Generates the next action based on the current observation and preparation phase.

Parameters:

  • obs (Obs) – The current observation containing the time and other relevant data.

  • is_real (bool, optional) – Flag indicating if the step is being executed in a real environment. Defaults to False.

Returns:

A tuple containing an empty dictionary and the next action as a numpy array. If the current time is within the preparation duration, the action is interpolated based on the preparation time and action; otherwise, the default motor position is returned.

Return type:

Tuple[Dict[str, float], npt.NDArray[np.float32]]

toddlerbot.policies.mjx_policy module

MJX-based neural policy for reinforcement learning control.

This module implements a policy that uses trained neural networks via ONNX Runtime to control the robot using observations and commands with frame stacking and action buffering.

class toddlerbot.policies.mjx_policy.MJXPolicy(name: str, robot: Robot, init_motor_pos: ndarray[Any, dtype[float32]], path: str, joystick: Joystick | None = None, fixed_command: ndarray[Any, dtype[float32]] | None = None)

Bases: BasePolicy

Policy for controlling the robot using the MJX model.

get_command(obs: Obs, control_inputs: Dict[str, float]) ndarray[Any, dtype[float32]]

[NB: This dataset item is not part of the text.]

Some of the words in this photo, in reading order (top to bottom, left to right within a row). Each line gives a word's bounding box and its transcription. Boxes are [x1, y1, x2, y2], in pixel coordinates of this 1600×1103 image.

Returns a fixed command as a NumPy array.

Parameters:

control_inputs (Dict[str, float]) – A dictionary of control inputs, where keys are input names and values are their respective float values.

Returns:

A fixed command represented as a NumPy array of float32 values.

Return type:

npt.NDArray[np.float32]

get_phase_signal(time_curr: float) ndarray[Any, dtype[float32]]

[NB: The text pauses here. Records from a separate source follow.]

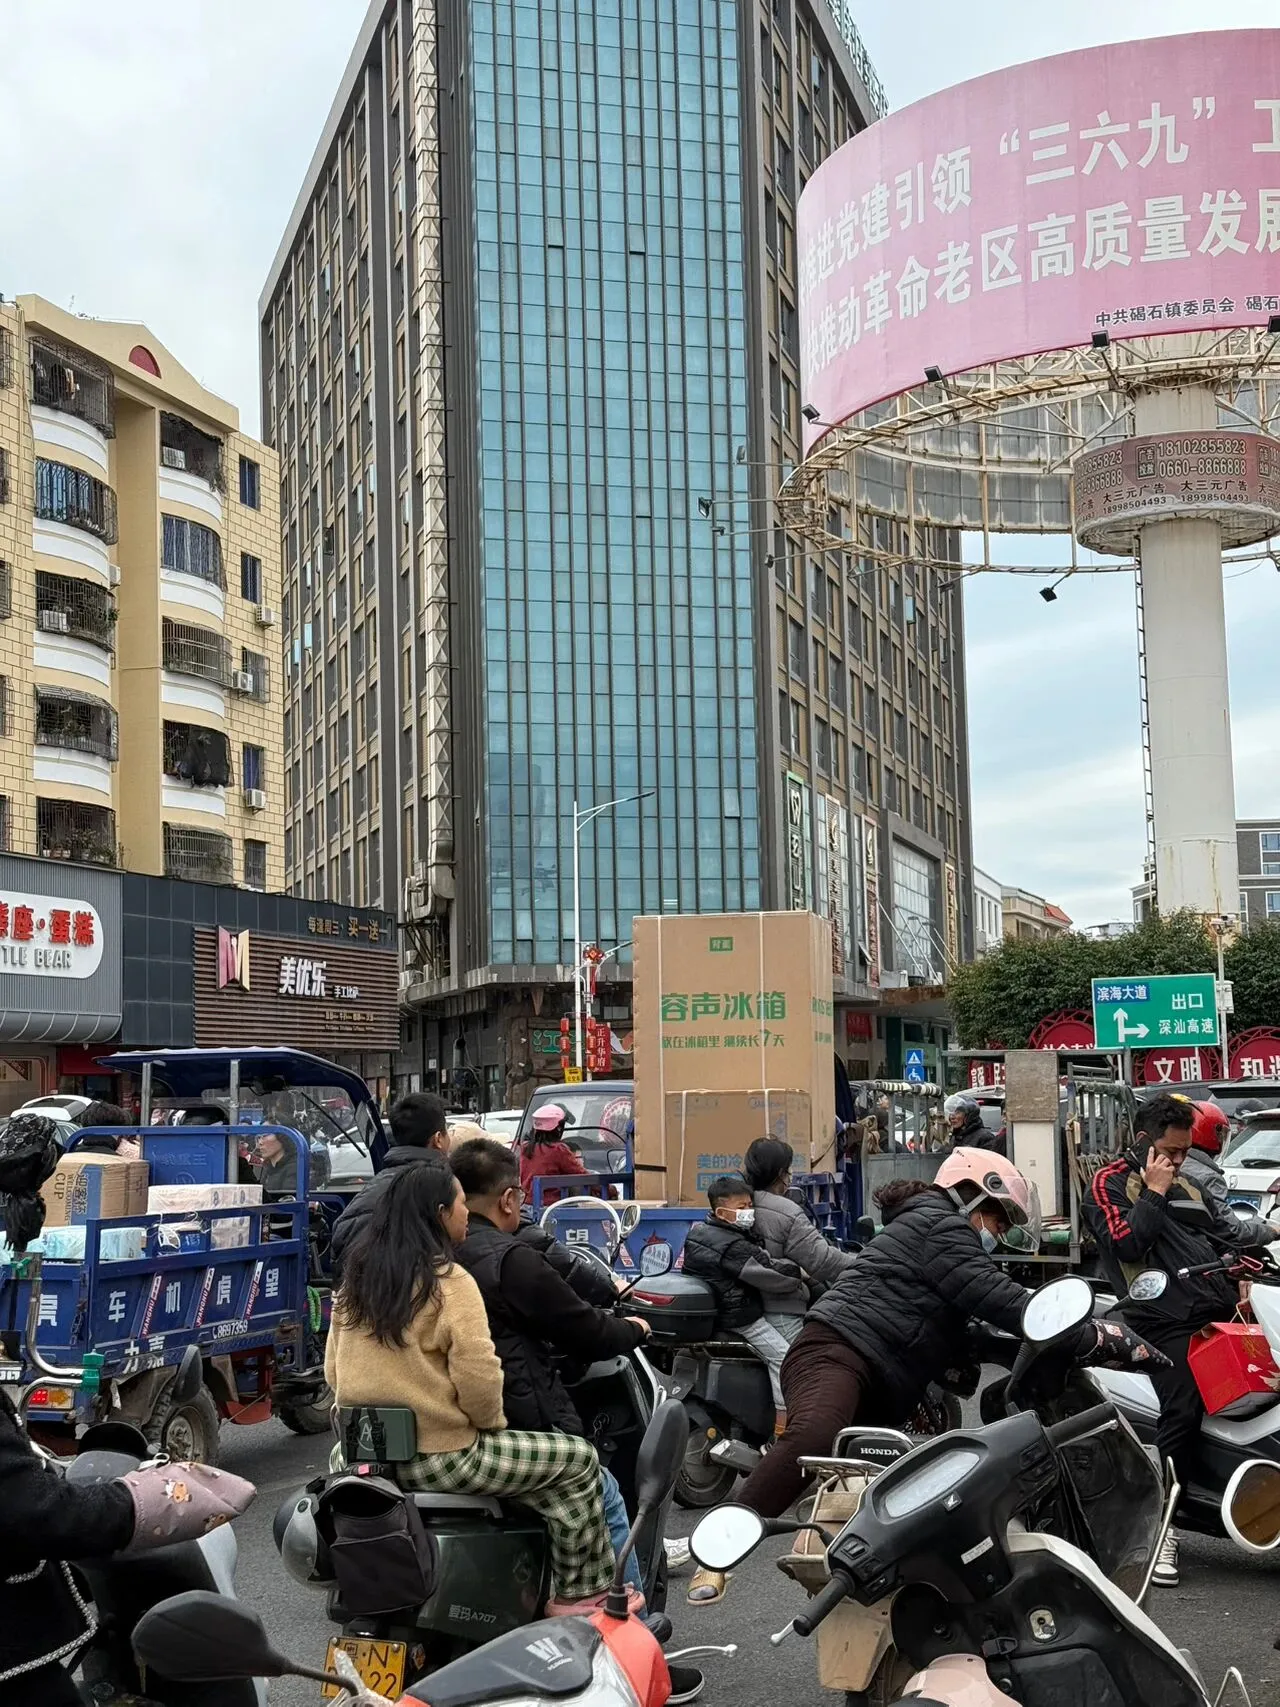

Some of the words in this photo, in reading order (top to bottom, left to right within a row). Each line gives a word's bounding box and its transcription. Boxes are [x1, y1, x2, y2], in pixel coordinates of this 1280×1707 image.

[801, 146, 971, 308] 推进党建引领
[1096, 297, 1235, 327] 中共碣石镇委员会
[1159, 438, 1246, 457] 18102855823
[1160, 459, 1247, 477] 0660-8866888
[1103, 483, 1165, 504] 大三元广告
[1180, 480, 1248, 491] 大三元广告
[1181, 493, 1249, 502] 18998504493
[34, 948, 72, 968] BEAR
[279, 956, 327, 997] 美优乐
[1097, 984, 1148, 1001] 滨海大道
[1172, 993, 1204, 1010] 出口
[661, 991, 786, 1021] 容声冰箱
[1158, 1018, 1215, 1035] 深汕高速
[1153, 1057, 1203, 1083] 文明
[54, 1172, 66, 1200] CUP
[860, 1447, 901, 1456] HONDA

Get the phase signal at the current time.

Parameters:

time_curr (float) – The current time for which the phase signal is requested.

Returns:

An array containing the phase signal as a float32 value.

Return type:

npt.NDArray[np.float32]

reset()

Resets the internal state of the policy to its initial configuration.

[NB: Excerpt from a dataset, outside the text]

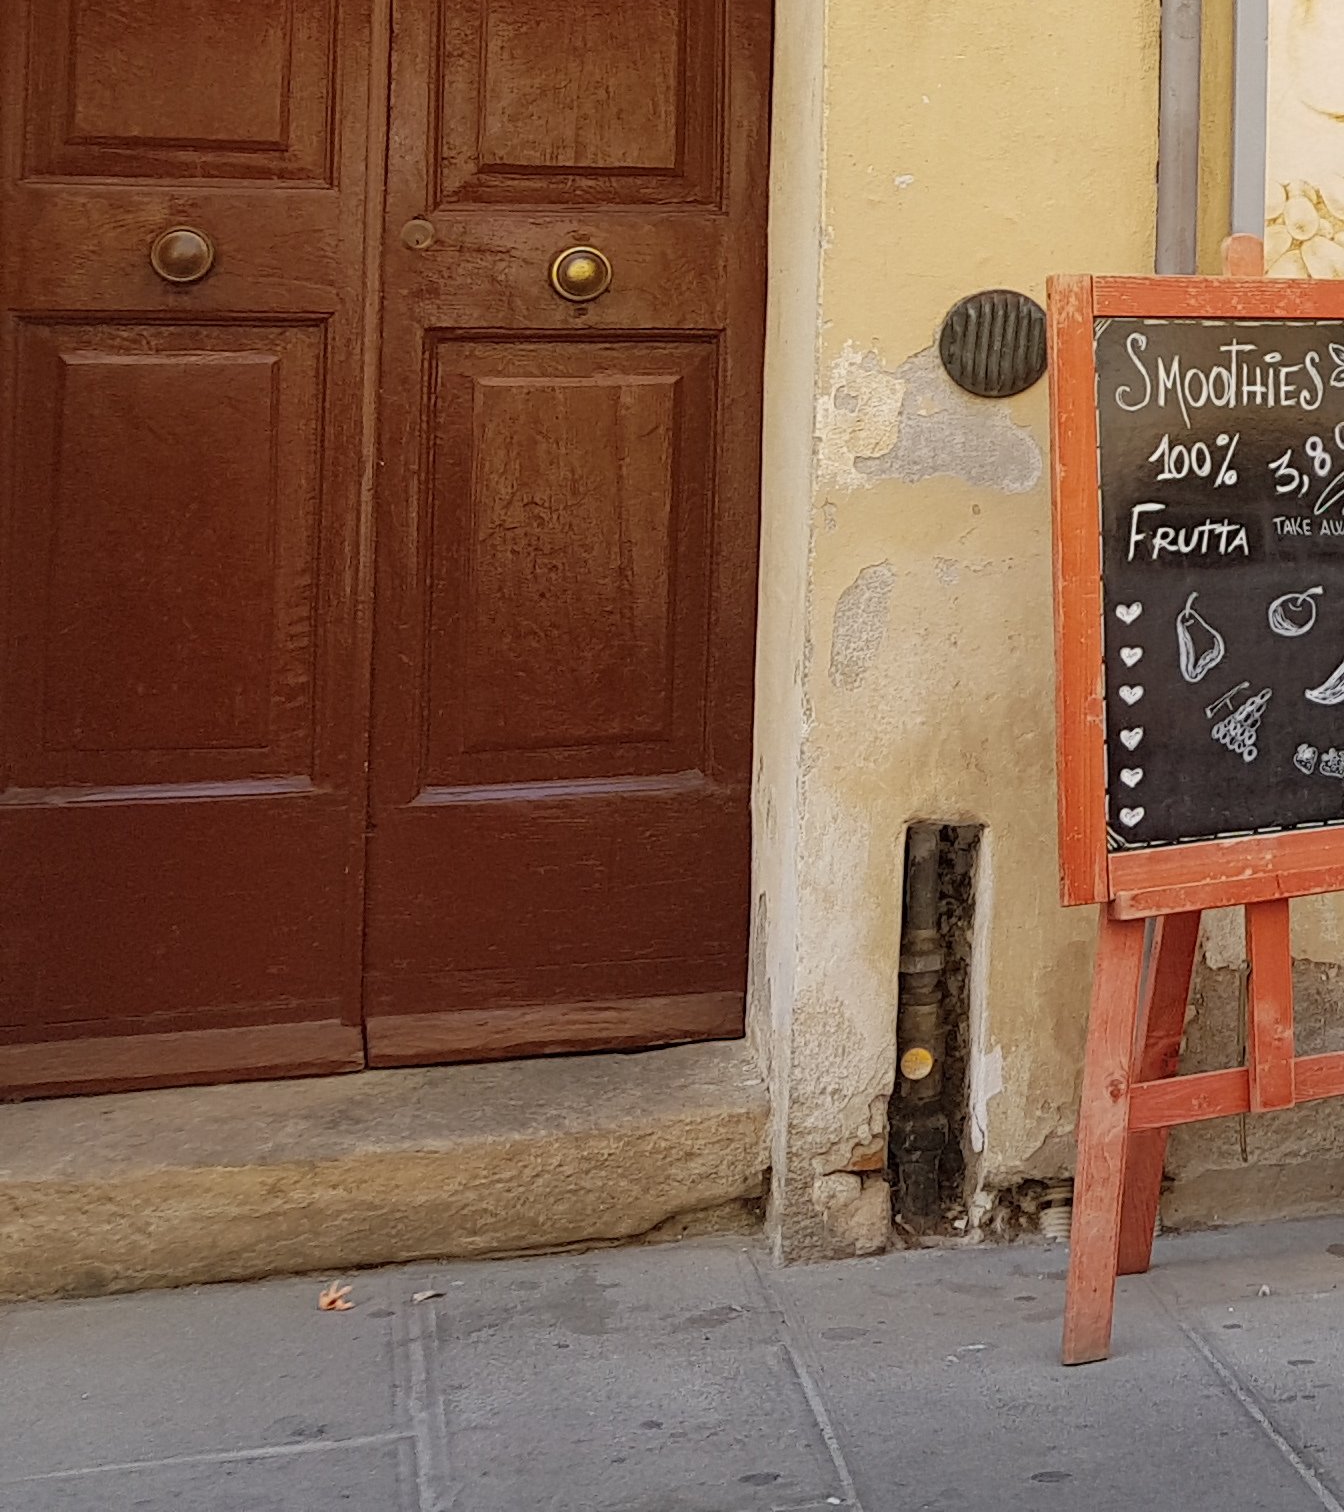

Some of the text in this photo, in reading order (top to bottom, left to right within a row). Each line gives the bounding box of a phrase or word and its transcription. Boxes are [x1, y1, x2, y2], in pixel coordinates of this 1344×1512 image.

[1148, 432, 1240, 489] 100%
[1126, 503, 1249, 562] FRUTTA
[1273, 516, 1313, 537] TAKE

This method clears the observation history, phase signal, command list, and action buffer. It also sets the standing state to True and initializes the last action and current step counter to zero.

step(obs: Obs, sim: BaseSim) Tuple[Dict[str, float], ndarray[Any, dtype[float32]]]

Processes a single step in the control loop, updating the system’s state and generating motor target positions.

Parameters:

  • obs (Obs) – The current observation containing motor positions, velocities, and other sensor data.

  • is_real (bool, optional) – Indicates if the system is operating in a real environment. Defaults to False.

Returns:

A tuple containing the control inputs and the target motor positions.

Return type:

Tuple[Dict[str, float], npt.NDArray[np.float32]]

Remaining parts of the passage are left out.